_WORK TO COMPLETE_
Pictures are to be dropped. Everything else in the listing gets copied exactly.
┏━━
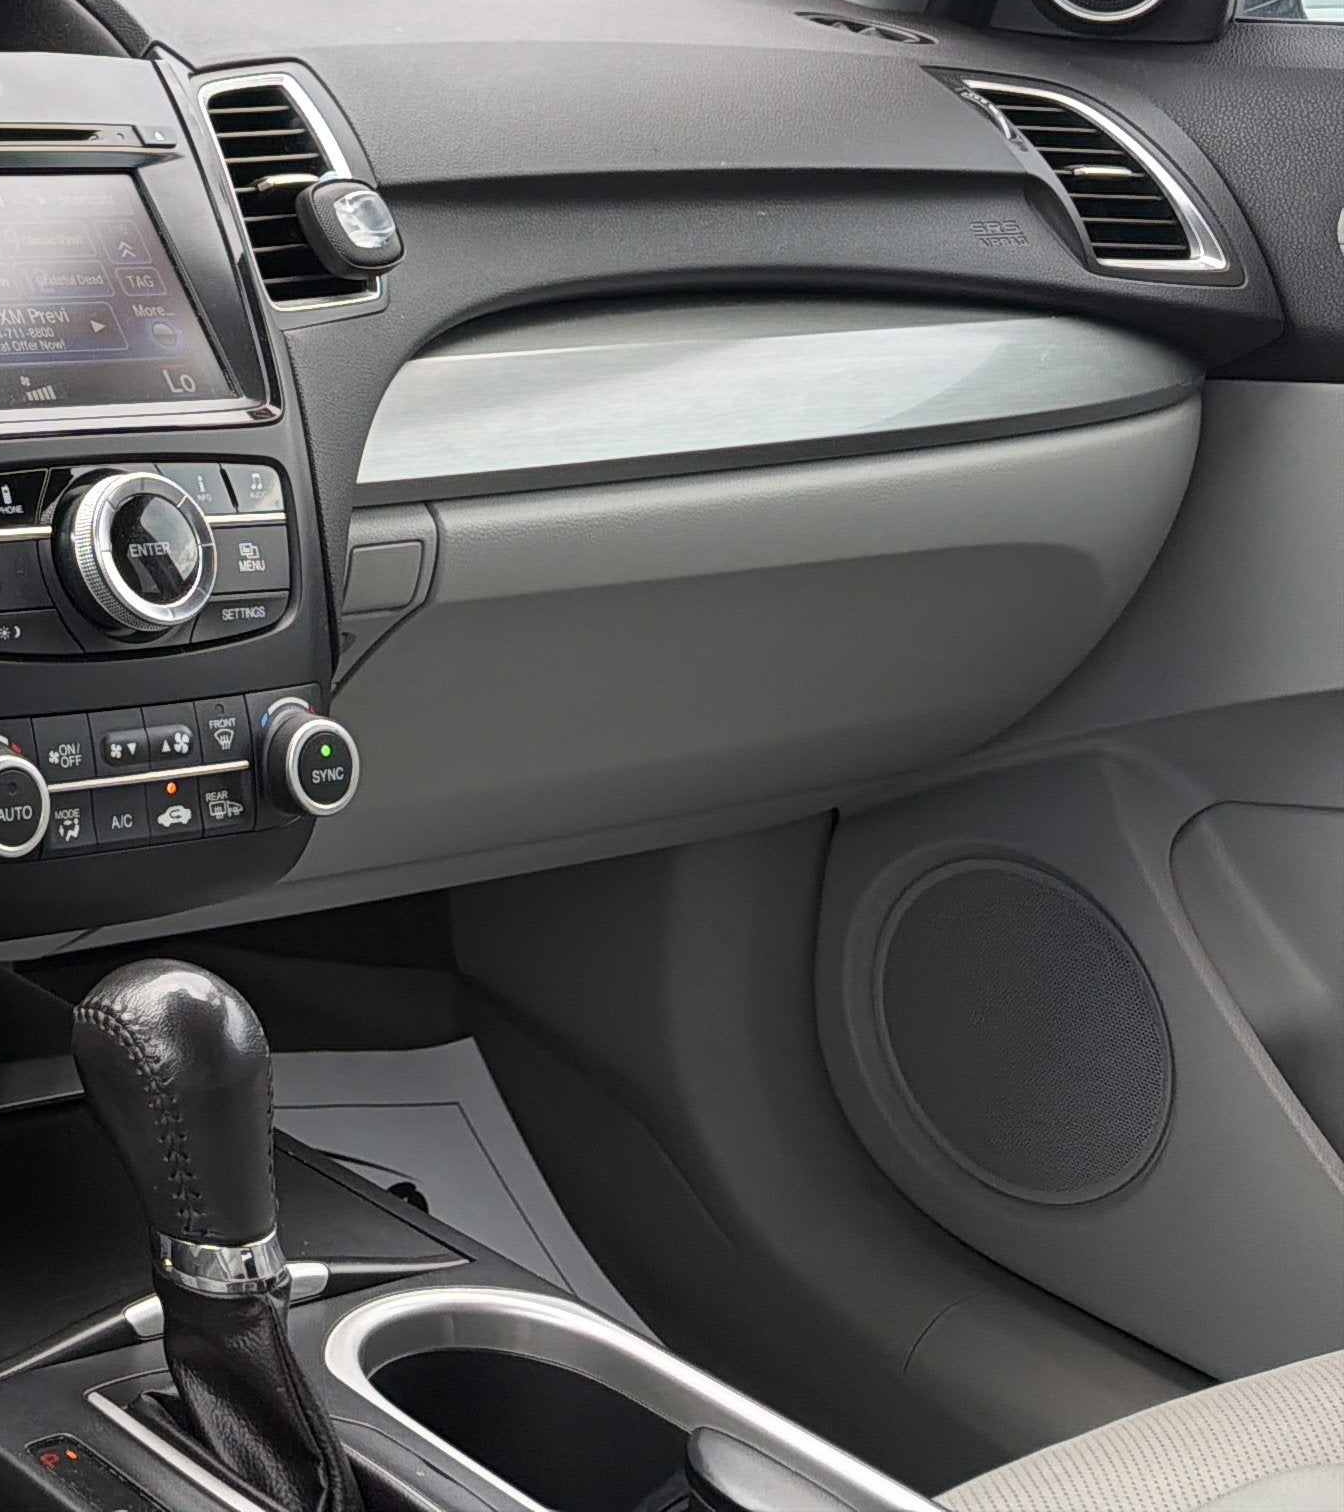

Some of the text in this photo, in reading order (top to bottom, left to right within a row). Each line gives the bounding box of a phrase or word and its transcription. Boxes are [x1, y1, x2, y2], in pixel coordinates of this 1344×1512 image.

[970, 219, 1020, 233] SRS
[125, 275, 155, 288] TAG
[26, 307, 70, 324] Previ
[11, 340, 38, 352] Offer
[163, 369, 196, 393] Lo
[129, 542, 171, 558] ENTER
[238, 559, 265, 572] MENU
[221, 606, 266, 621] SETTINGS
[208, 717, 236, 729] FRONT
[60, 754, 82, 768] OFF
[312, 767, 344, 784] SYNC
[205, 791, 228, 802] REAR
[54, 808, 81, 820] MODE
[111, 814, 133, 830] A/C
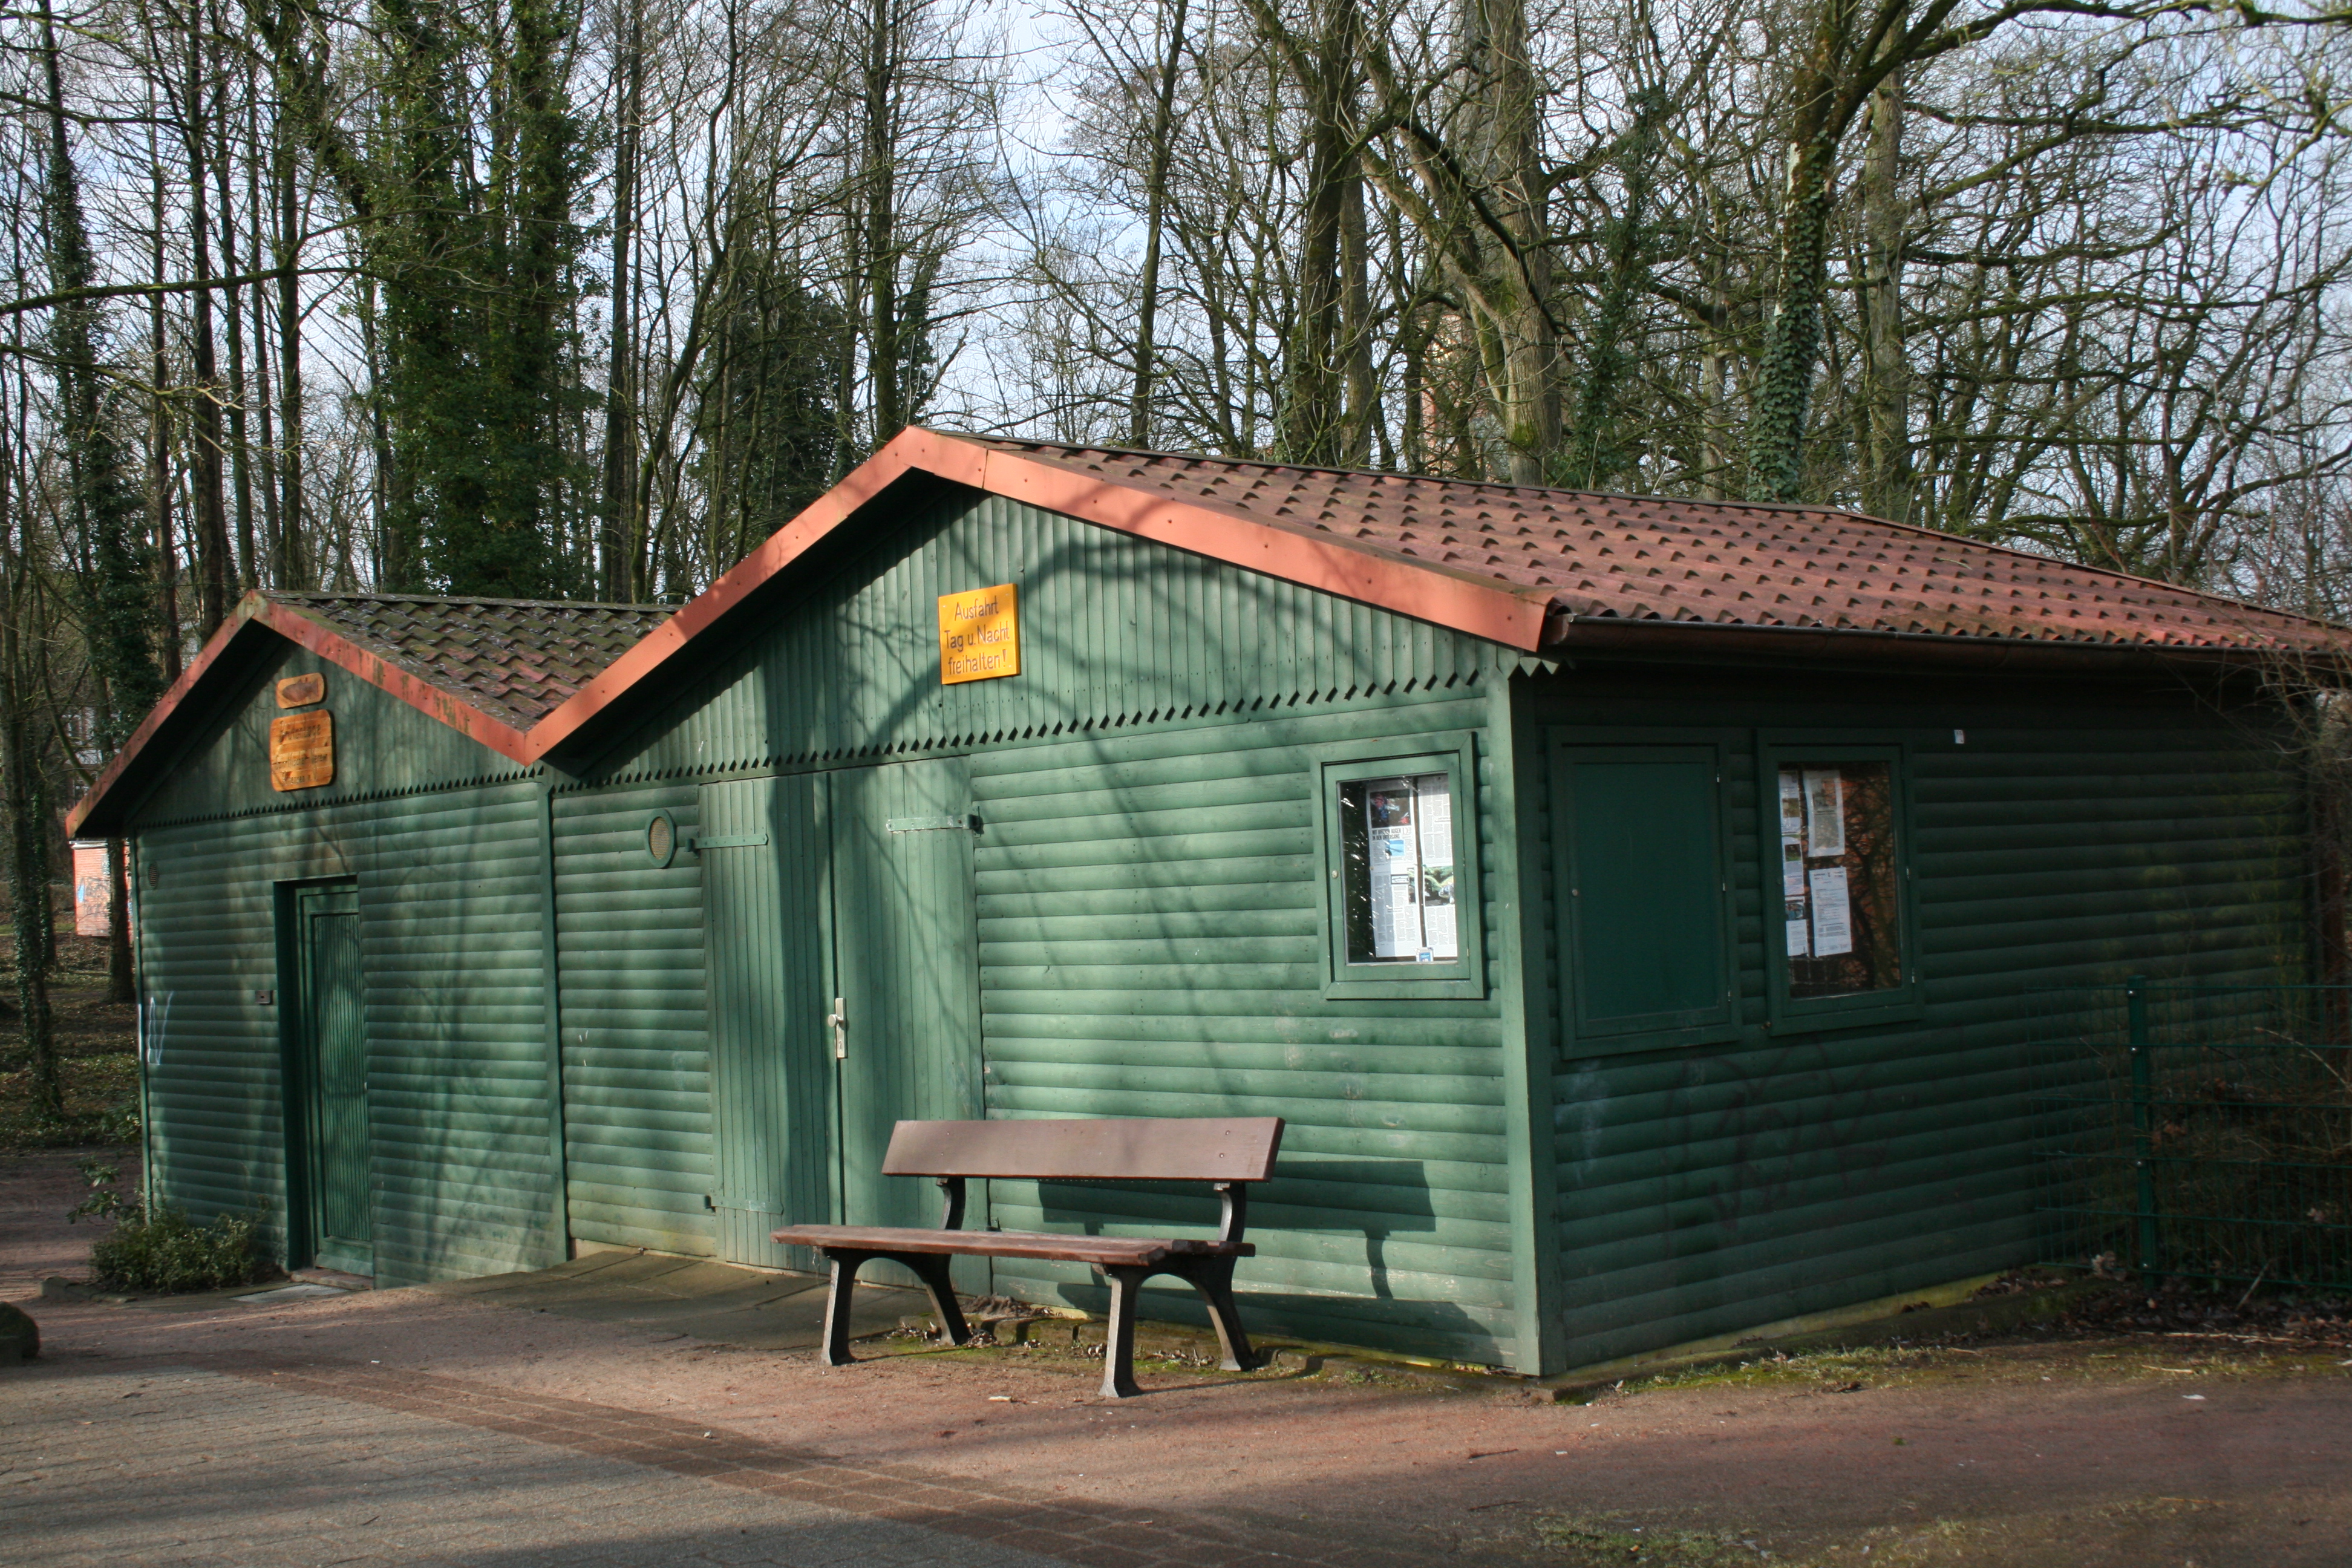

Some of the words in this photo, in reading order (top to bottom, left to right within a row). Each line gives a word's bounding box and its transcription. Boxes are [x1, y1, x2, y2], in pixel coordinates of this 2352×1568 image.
┗━━
_RESULT OF THE EXERCISE_
Some of the text in this photo, in reading order (top to bottom, left to right within a row). Each line gives the bounding box of a phrase or word and its transcription. Boxes are [x1, y1, x2, y2], in pixel coordinates of this 1344×1512 image.

[970, 219, 1020, 233] SRS
[125, 275, 155, 288] TAG
[26, 307, 70, 324] Previ
[11, 340, 38, 352] Offer
[163, 369, 196, 393] Lo
[129, 542, 171, 558] ENTER
[238, 559, 265, 572] MENU
[221, 606, 266, 621] SETTINGS
[208, 717, 236, 729] FRONT
[60, 754, 82, 768] OFF
[312, 767, 344, 784] SYNC
[205, 791, 228, 802] REAR
[54, 808, 81, 820] MODE
[111, 814, 133, 830] A/C

Some of the words in this photo, in reading order (top to bottom, left to right within a row). Each line gives a word's bounding box and its transcription. Boxes are [x1, y1, x2, y2], in pixel coordinates of this 2352×1568 image.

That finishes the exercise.